Histology Stains

Histology stains are usually selected according to the type of biological tissue to be observed. There are many different histology stains in use. Some histology stains are more widely used than others. Some histology stains are only used to study very specific types of biological tissue.

Examples of some histology stains and some categories of histology stains are listed in alphabetical order below, with brief notes about each.

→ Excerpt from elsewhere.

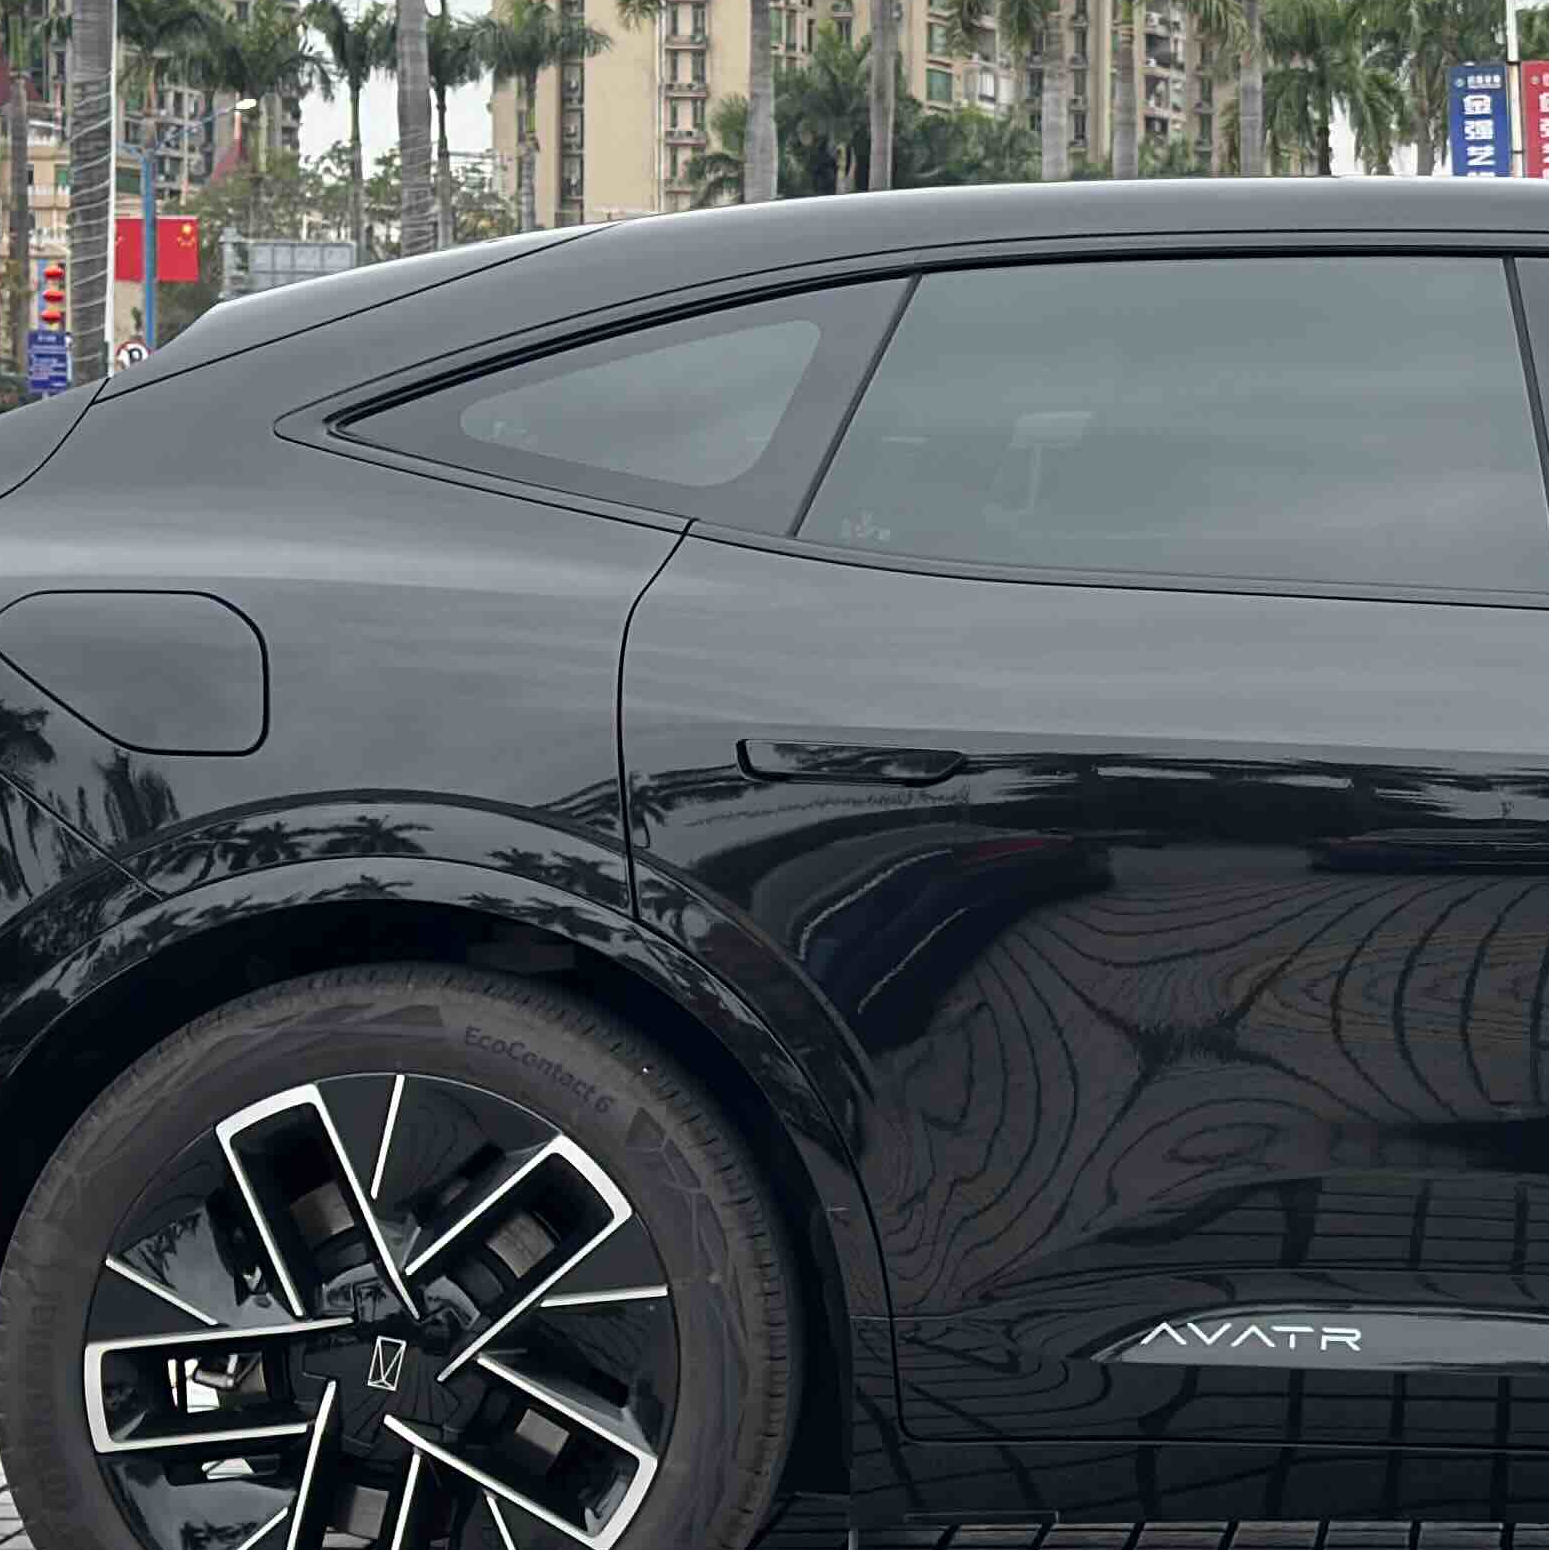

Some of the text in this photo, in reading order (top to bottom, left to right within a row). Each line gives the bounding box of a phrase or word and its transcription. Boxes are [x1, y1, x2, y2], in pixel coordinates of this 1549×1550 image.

This list is intended to convey an indication of the wide range of histology stains in use in histology laboratories.


Aldehyde Fuchsin

- can be used to stain pancreatic islet beta cell granules


Alician Blue

- a Mucin stain (a category of histology stains, listed below)
- can stain mucins and mucosubstances blue (due to the copper in the stain)


Alizarin Red S

- can be used to identify calcium in tissue sections
- used on the Dupont ACA analyzer to measure serum calcium photometrically


Alkaline Phosphatase

- can be used to stain endothelial cells


Azan Stain

- can be used to differentiate osteoid from mineralised bone


Bielschowsky Stain

- can be used to show reticular fibres
- used for showing neurofibrillary tangles and senile plaques
- uses the chemical element silver (Ag)


Cajal Stain

- can be used on nervous tissue.


Congo Red

- used to stain amyloid fibres (to appear orange/red).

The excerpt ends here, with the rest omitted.